Make a verbatim transcription of the records, without the pictures.

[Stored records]
_ _ _ _

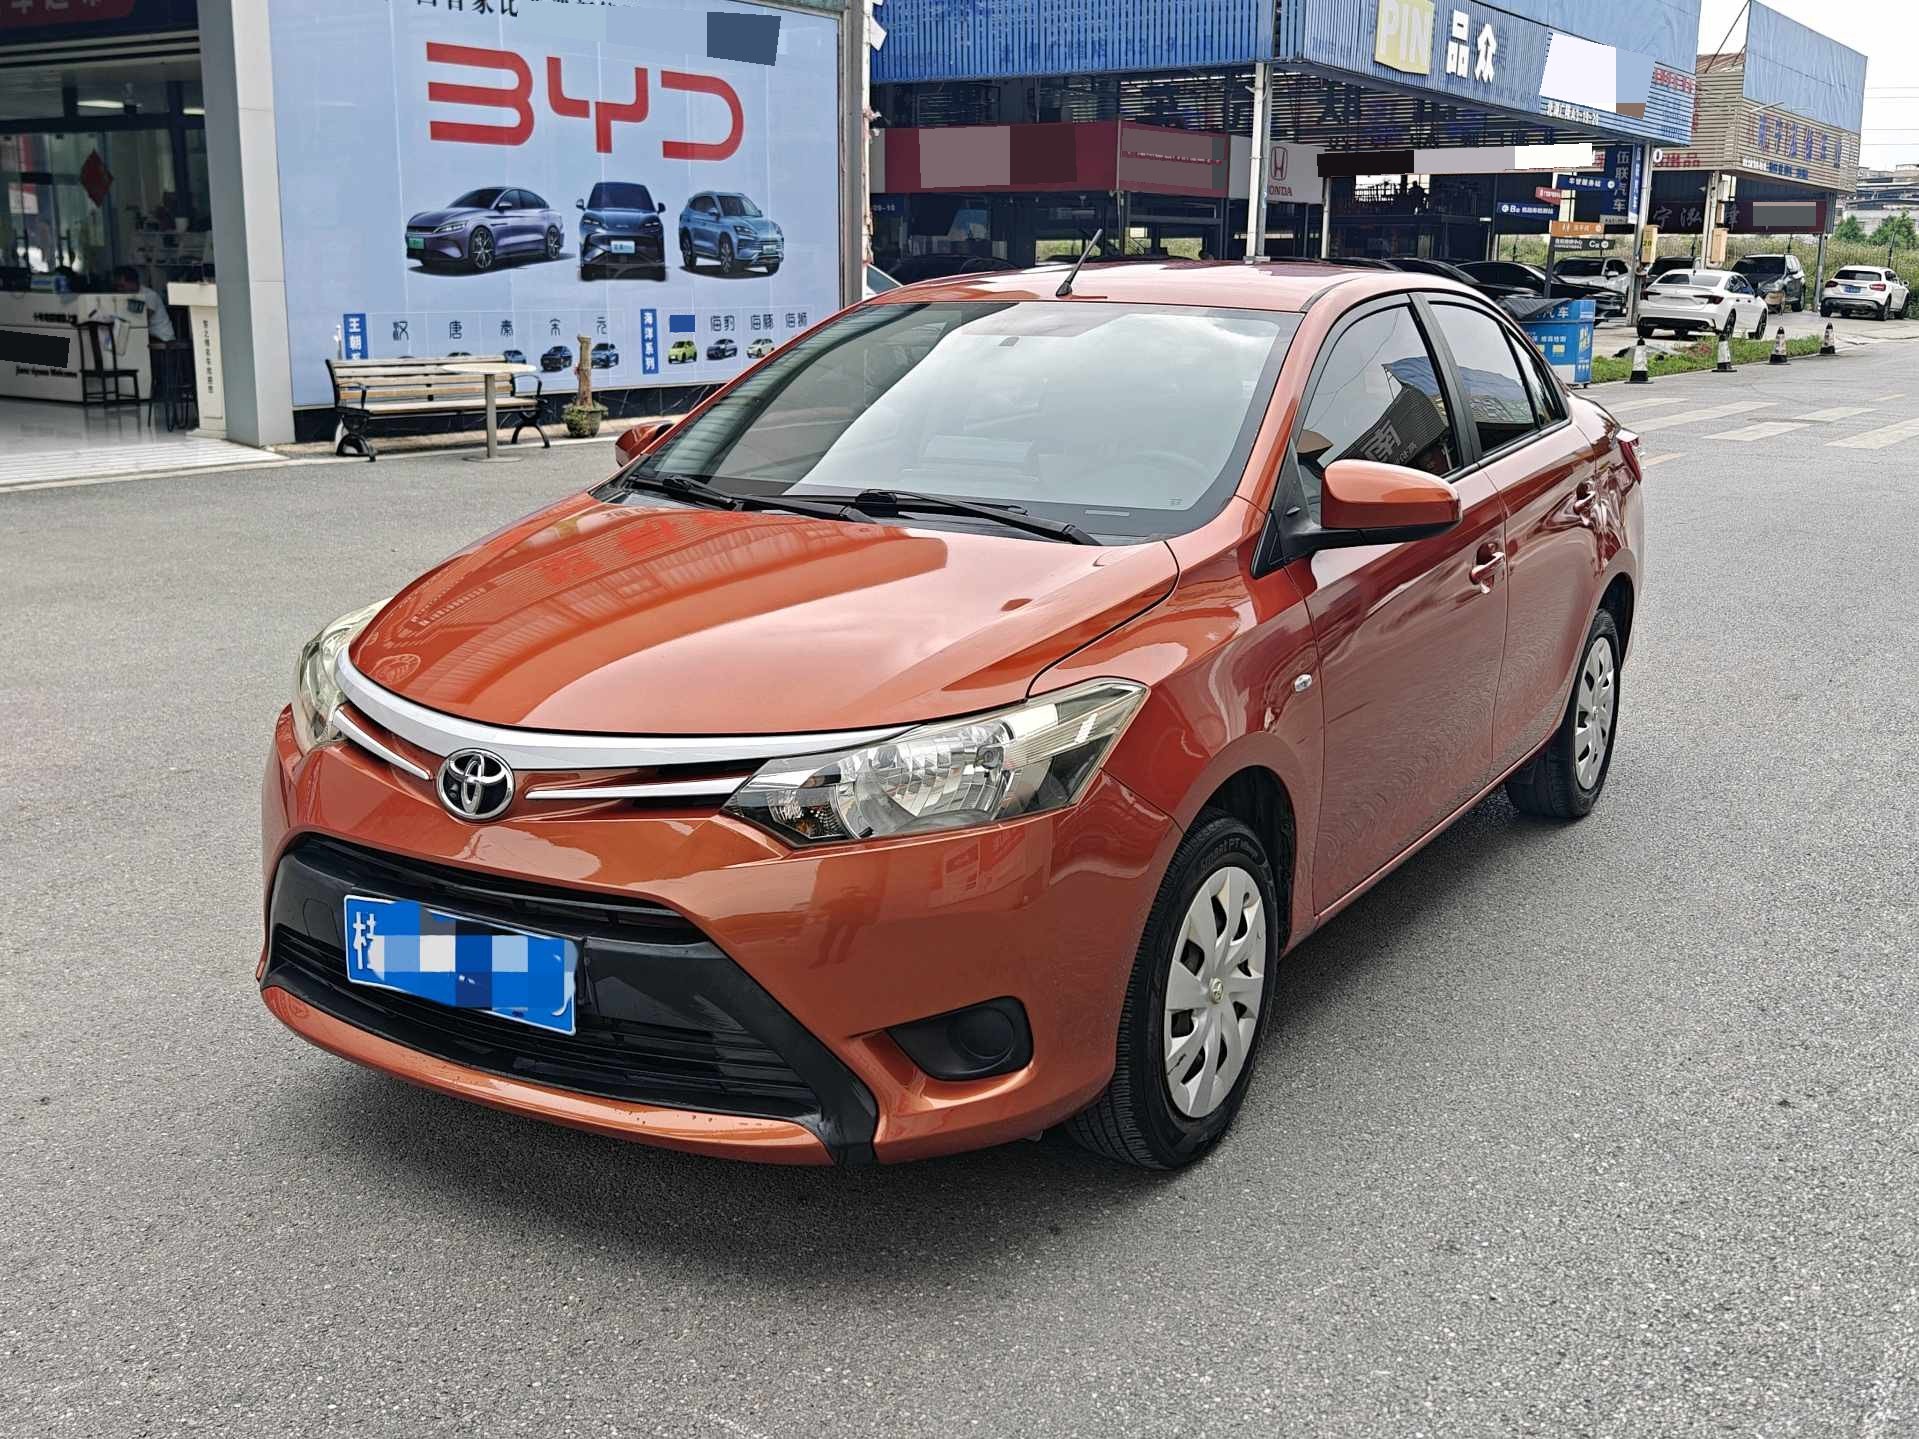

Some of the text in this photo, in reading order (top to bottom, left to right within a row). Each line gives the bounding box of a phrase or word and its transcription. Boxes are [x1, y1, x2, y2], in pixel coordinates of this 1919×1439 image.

[1379, 0, 1430, 66] PIN
[1446, 9, 1497, 84] 品众
[426, 41, 745, 161] BYD
[1270, 185, 1293, 197] ONDA
[449, 320, 463, 340] 唐
[500, 319, 514, 337] 秦
[596, 316, 608, 336] 元

_ _ _ _

▶ THE COMPLETED TASK
Some of the text in this photo, in reading order (top to bottom, left to right within a row). Each line gives the bounding box of a phrase or word and its transcription. Boxes are [x1, y1, x2, y2], in pixel coordinates of this 1919×1439 image.

[1379, 0, 1430, 66] PIN
[1446, 9, 1497, 84] 品众
[426, 41, 745, 161] BYD
[1270, 185, 1293, 197] ONDA
[449, 320, 463, 340] 唐
[500, 319, 514, 337] 秦
[596, 316, 608, 336] 元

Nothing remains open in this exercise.